:: DATA TO EXAMINE
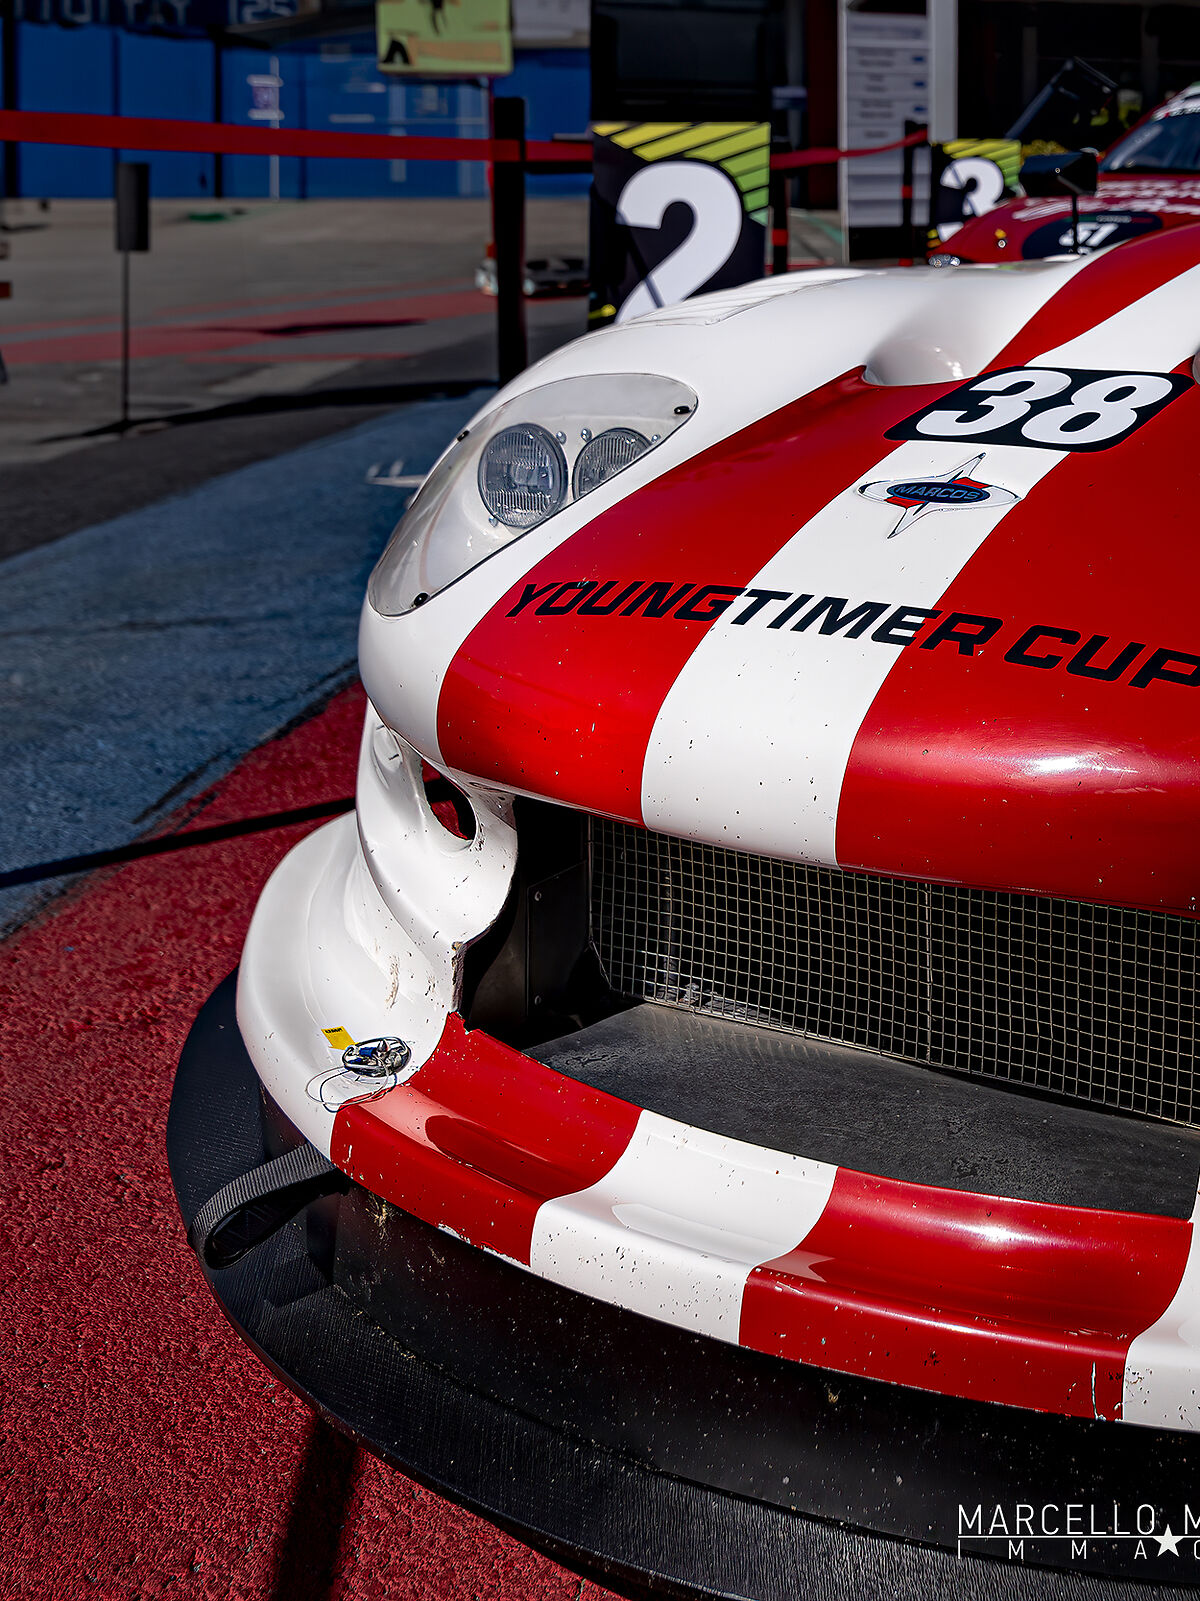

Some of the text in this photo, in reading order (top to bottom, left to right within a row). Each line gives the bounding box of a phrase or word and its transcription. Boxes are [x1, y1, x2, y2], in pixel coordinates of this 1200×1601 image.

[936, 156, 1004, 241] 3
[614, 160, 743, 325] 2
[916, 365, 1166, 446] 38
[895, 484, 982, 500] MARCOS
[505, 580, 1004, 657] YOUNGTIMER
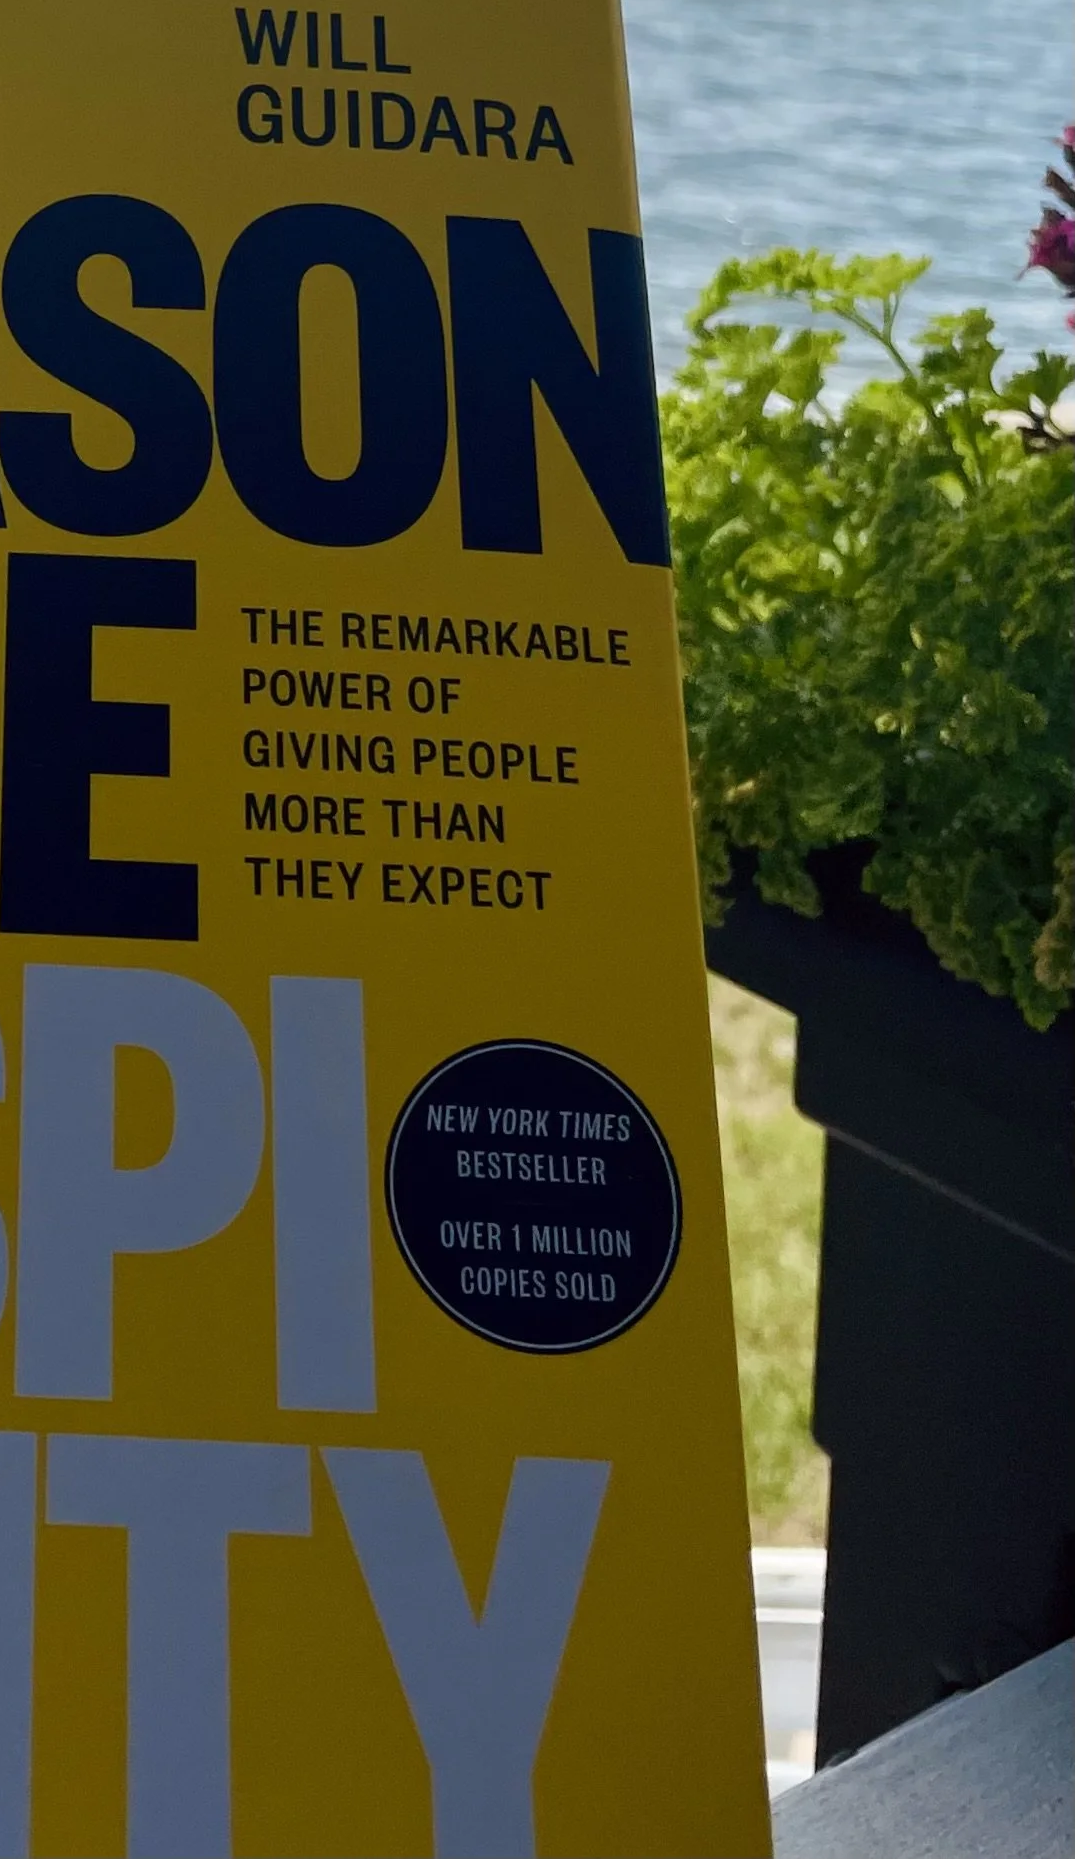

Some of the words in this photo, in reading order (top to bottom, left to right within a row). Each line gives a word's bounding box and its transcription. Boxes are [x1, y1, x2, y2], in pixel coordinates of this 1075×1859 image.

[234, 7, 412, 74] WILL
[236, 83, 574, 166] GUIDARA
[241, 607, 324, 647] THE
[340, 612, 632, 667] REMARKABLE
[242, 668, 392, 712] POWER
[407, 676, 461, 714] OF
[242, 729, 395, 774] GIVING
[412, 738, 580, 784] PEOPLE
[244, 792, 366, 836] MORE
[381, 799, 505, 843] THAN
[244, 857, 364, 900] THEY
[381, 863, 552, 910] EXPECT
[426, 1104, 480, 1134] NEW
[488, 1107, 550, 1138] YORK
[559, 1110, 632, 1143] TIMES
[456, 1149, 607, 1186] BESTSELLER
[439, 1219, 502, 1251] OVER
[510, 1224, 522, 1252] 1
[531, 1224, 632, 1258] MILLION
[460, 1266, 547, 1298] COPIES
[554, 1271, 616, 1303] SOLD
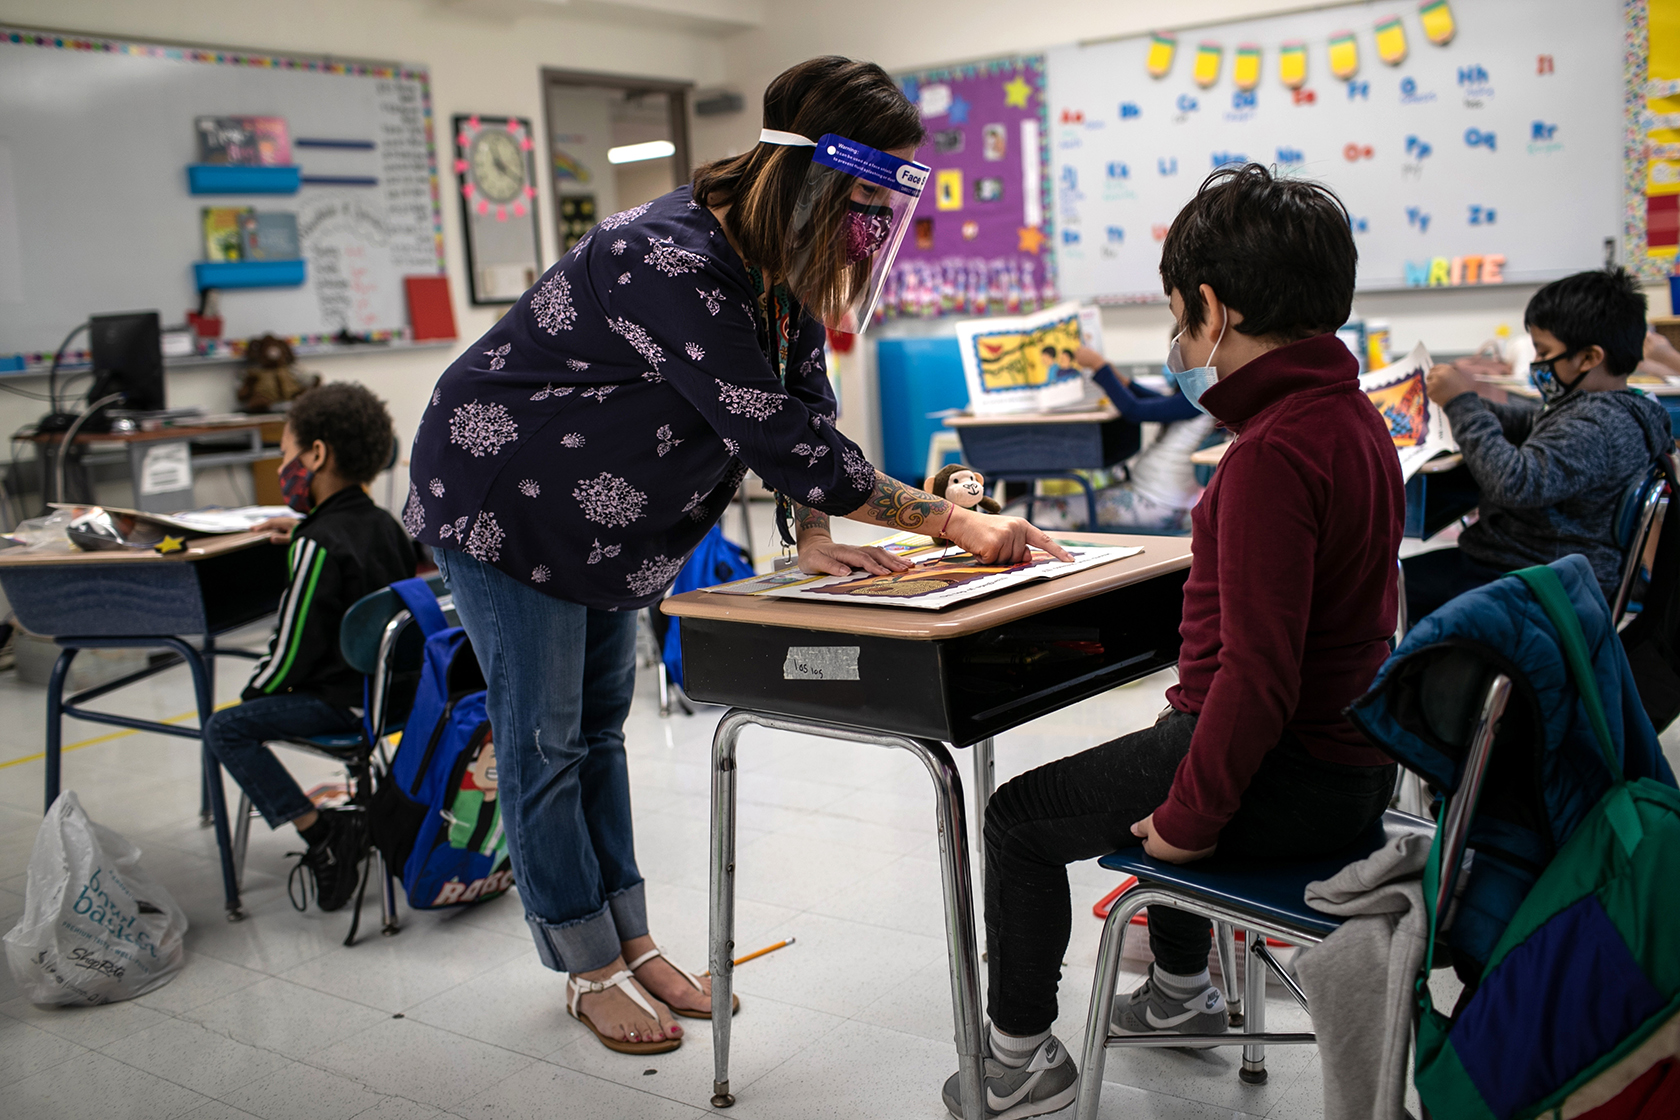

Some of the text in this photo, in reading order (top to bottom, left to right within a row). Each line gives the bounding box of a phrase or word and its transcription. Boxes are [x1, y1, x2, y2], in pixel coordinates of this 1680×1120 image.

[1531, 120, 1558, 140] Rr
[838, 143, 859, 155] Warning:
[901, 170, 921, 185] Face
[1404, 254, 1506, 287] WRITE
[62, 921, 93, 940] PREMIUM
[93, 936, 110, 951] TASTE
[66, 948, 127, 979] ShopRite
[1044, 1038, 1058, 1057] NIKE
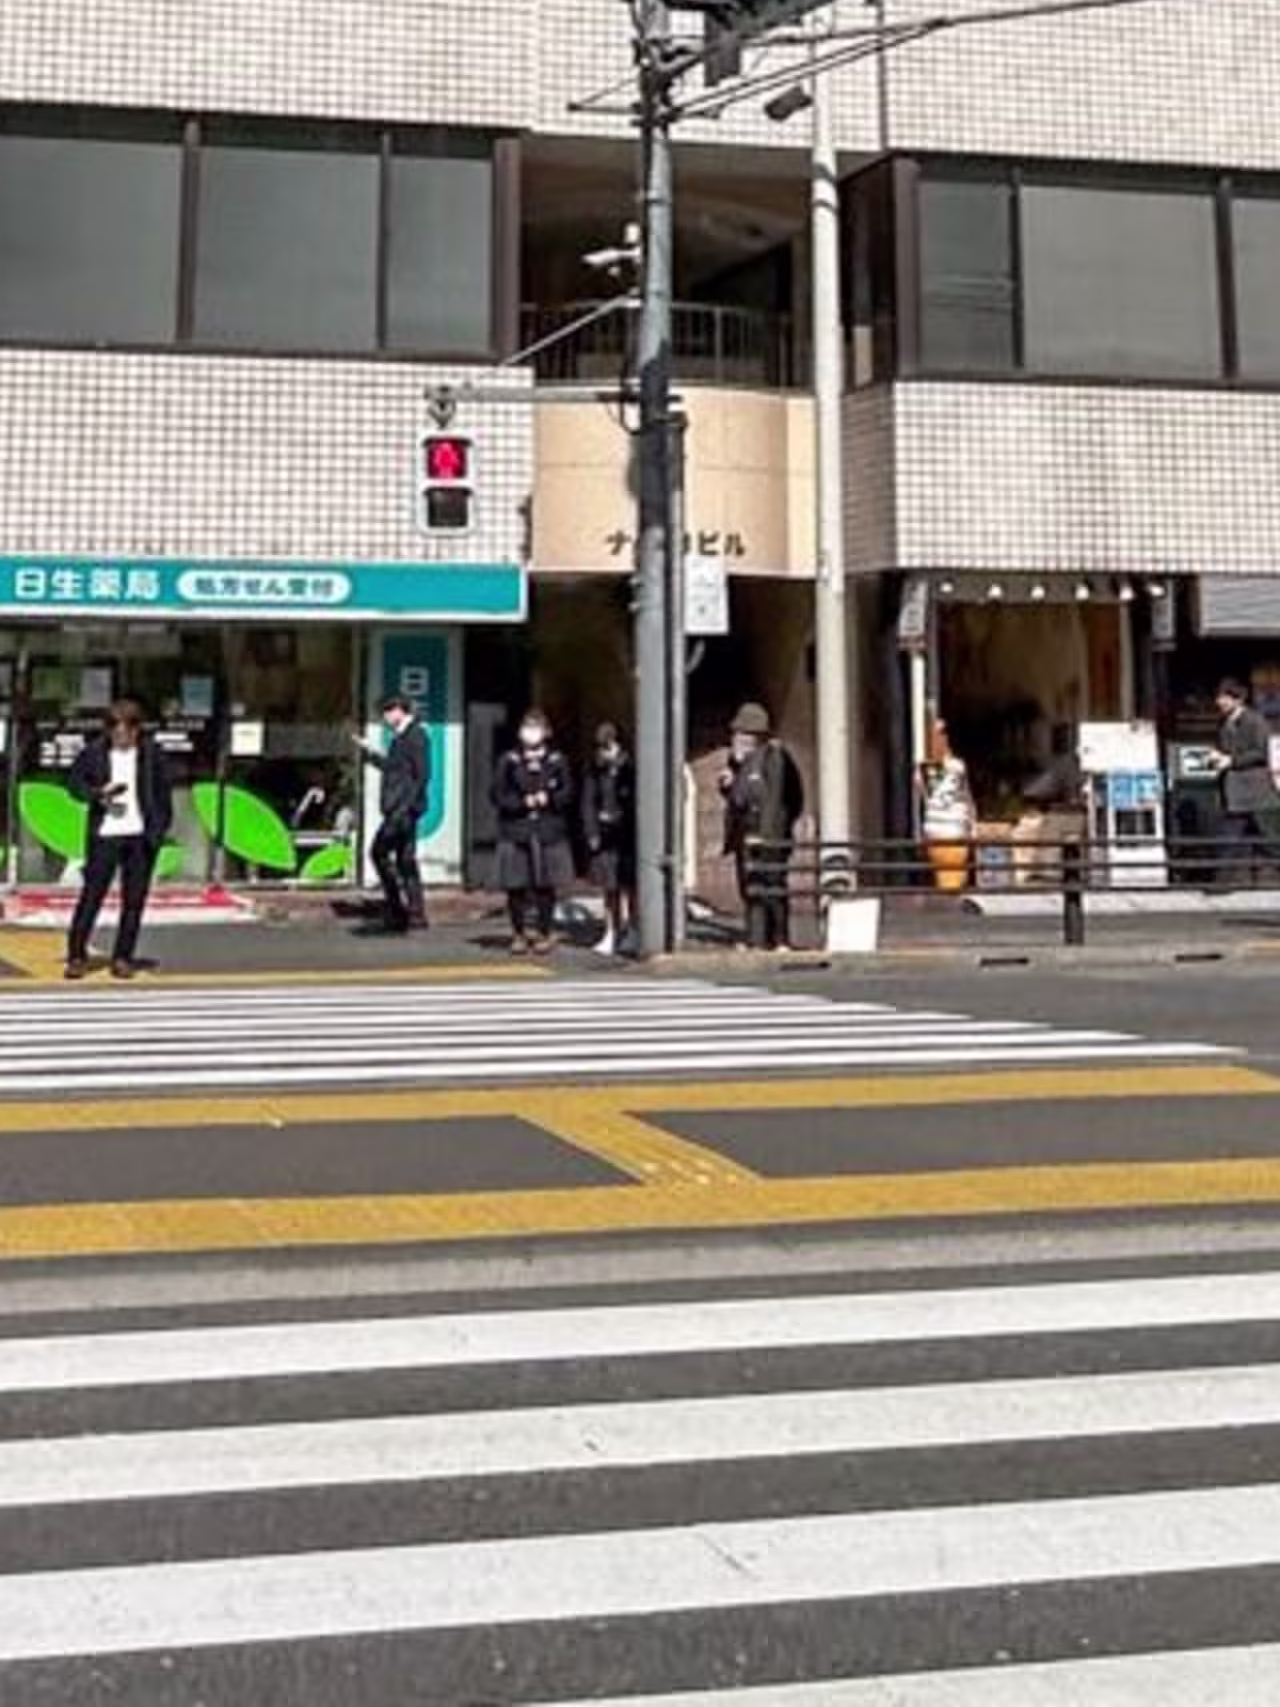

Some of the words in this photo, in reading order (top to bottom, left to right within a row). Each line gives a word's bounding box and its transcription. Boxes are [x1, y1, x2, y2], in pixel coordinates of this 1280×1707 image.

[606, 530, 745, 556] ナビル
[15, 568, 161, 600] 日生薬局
::::
Your job is to repeat every entry exactly, keeping all pictures out of the copy.

**OUTPUT OF THE EXERCISE**
Some of the text in this photo, in reading order (top to bottom, left to right within a row). Each line gives the bounding box of a phrase or word and its transcription. Boxes are [x1, y1, x2, y2], in pixel coordinates of this 1200×1601 image.

[936, 156, 1004, 241] 3
[614, 160, 743, 325] 2
[916, 365, 1166, 446] 38
[895, 484, 982, 500] MARCOS
[505, 580, 1004, 657] YOUNGTIMER

Some of the words in this photo, in reading order (top to bottom, left to right within a row). Each line gives a word's bounding box and its transcription. Boxes are [x1, y1, x2, y2], in pixel coordinates of this 1075×1859 image.

[234, 7, 412, 74] WILL
[236, 83, 574, 166] GUIDARA
[241, 607, 324, 647] THE
[340, 612, 632, 667] REMARKABLE
[242, 668, 392, 712] POWER
[407, 676, 461, 714] OF
[242, 729, 395, 774] GIVING
[412, 738, 580, 784] PEOPLE
[244, 792, 366, 836] MORE
[381, 799, 505, 843] THAN
[244, 857, 364, 900] THEY
[381, 863, 552, 910] EXPECT
[426, 1104, 480, 1134] NEW
[488, 1107, 550, 1138] YORK
[559, 1110, 632, 1143] TIMES
[456, 1149, 607, 1186] BESTSELLER
[439, 1219, 502, 1251] OVER
[510, 1224, 522, 1252] 1
[531, 1224, 632, 1258] MILLION
[460, 1266, 547, 1298] COPIES
[554, 1271, 616, 1303] SOLD

Some of the text in this photo, in reading order (top to bottom, left to right within a row). Each line gives the bounding box of a phrase or word and its transcription. Boxes are [x1, y1, x2, y2], in pixel coordinates of this 1680×1120 image.

[1531, 120, 1558, 140] Rr
[838, 143, 859, 155] Warning:
[901, 170, 921, 185] Face
[1404, 254, 1506, 287] WRITE
[62, 921, 93, 940] PREMIUM
[93, 936, 110, 951] TASTE
[66, 948, 127, 979] ShopRite
[1044, 1038, 1058, 1057] NIKE

Some of the words in this photo, in reading order (top to bottom, left to right within a row). Each line gives a word's bounding box and its transcription. Boxes are [x1, y1, x2, y2], in pixel coordinates of this 1280×1707 image.

[606, 530, 745, 556] ナビル
[15, 568, 161, 600] 日生薬局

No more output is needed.